Classical Liberalism Is Based on Commutative Justice; Social or Distributive Justice Requires Constant and Repeated Coercion to Maintain Equality over Time

The ‘new liberals’, by contrast, think that income redistribution is exactly what governments should do. They see inequality and poverty as the result of unequal power and unjust property laws that benefit employers and the rich but harm employees and the poor. To promote ‘social justice’, therefore, government must correct the power imbalance and redirect wealth and income from better off to worse off people.

Classical liberals think this a gross misuse of the word ‘justice’. To them, justice is commutative justice, the resolution of conflicts between individuals and upholding the rights and freedoms of individuals by punishing those who intrude on them. It is about restraining threats and violence, and granting restitution to people who are made worse off by coercion. It is about the conduct we expect, and have a right to expect, from each other.

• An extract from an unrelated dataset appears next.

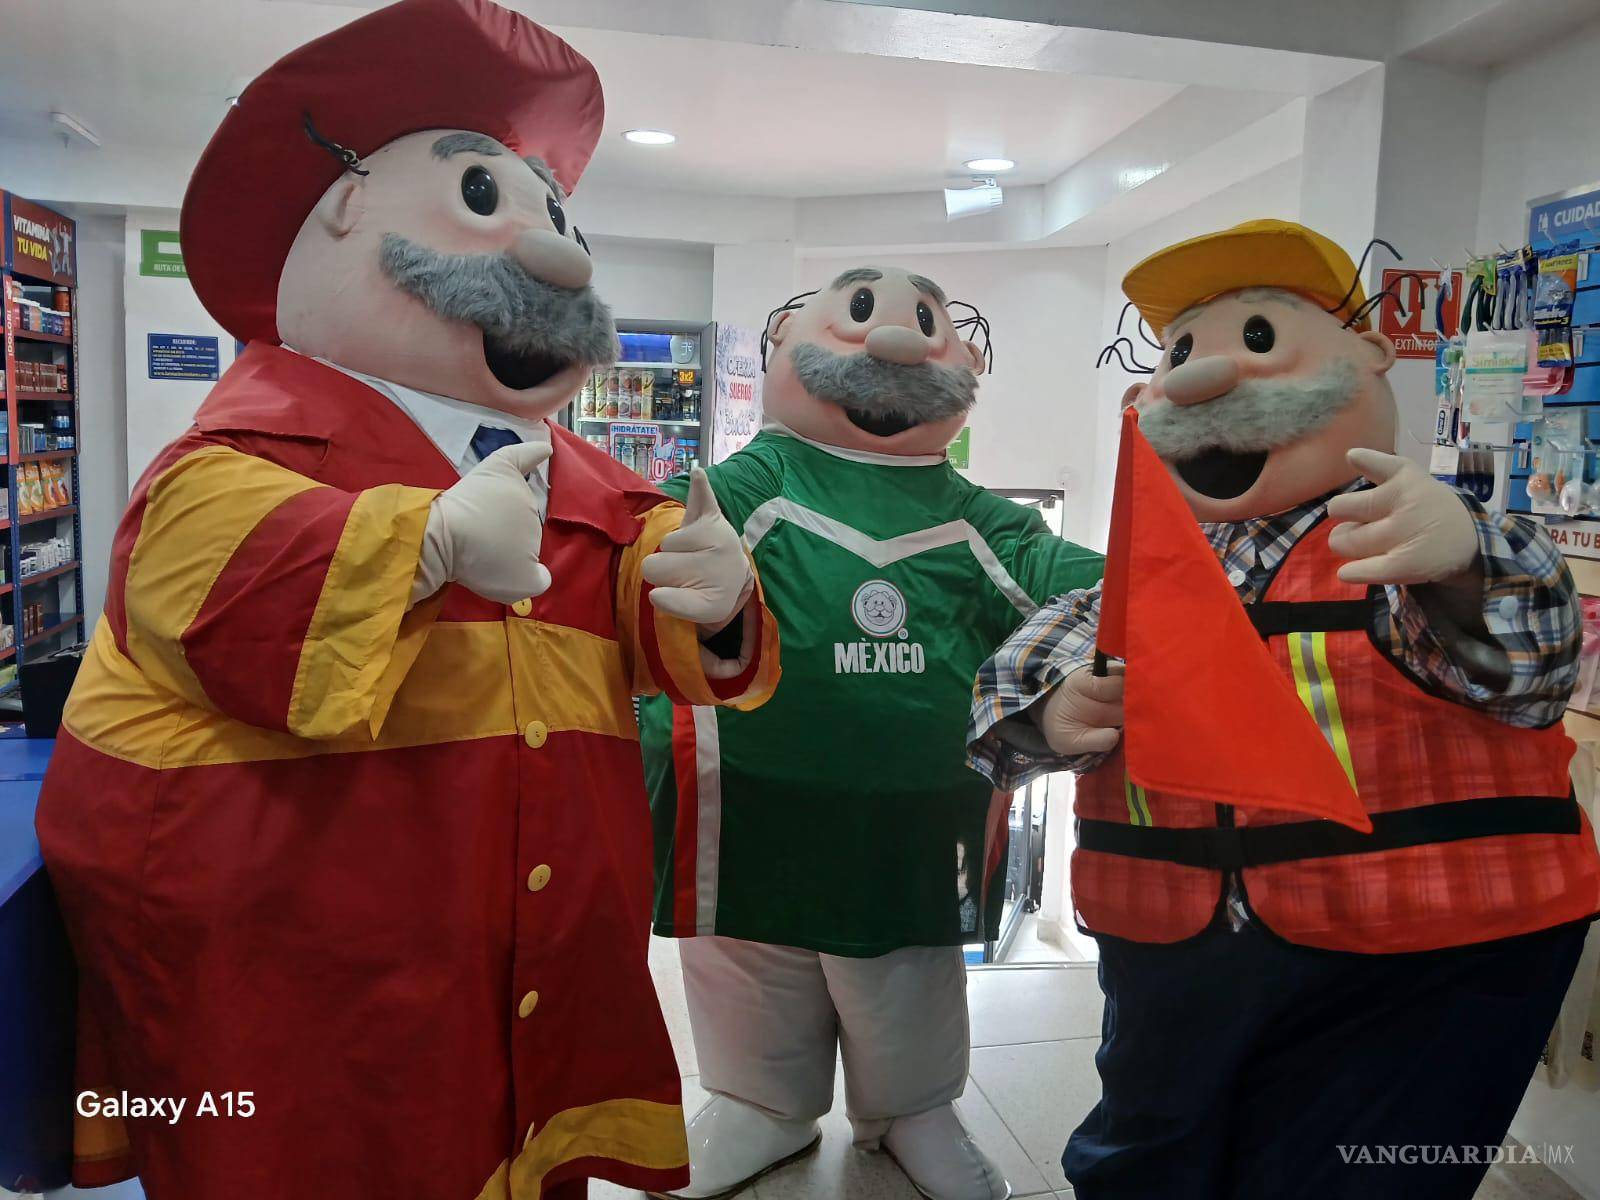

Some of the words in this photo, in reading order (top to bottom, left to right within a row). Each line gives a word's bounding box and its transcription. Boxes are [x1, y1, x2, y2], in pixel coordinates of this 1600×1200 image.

[17, 236, 29, 255] TU
[30, 241, 47, 262] VIDA
[1572, 531, 1591, 547] TU

Real justice, therefore, focuses solely on how people behave towards each other. Being robbed is unjust; catching flu is a misfortune but it is not unjust, because nobody has acted unjustly. Social or distributive justice, on the other hand, is quite different. It is about the distribution of things between different members of a group. It seeks to alter that distribution – generally towards greater equality
– even if the existing distribution is simply the outcome of events, and nobody has behaved badly or acted unjustly.

If, for example, 100,000 people each pay to watch a popular singer at a stadium, they end the evening slightly poorer and the singer ends it significantly richer. But nobody has done anything wrong, and nobody has been coerced. Classical liberals would therefore ask: how can the resulting distribution of wealth possibly be unjust? And they point out that to return things to equality would require coercion – taking the singer’s new wealth by force in order to return it to the audience. Indeed, as Nozick says, it would require constant and repeated coercion to maintain that equality over the future.

--Eamonn Butler, Classical Liberalism: A Primer (London: Institute of Economic Affairs, 2015), 54-55.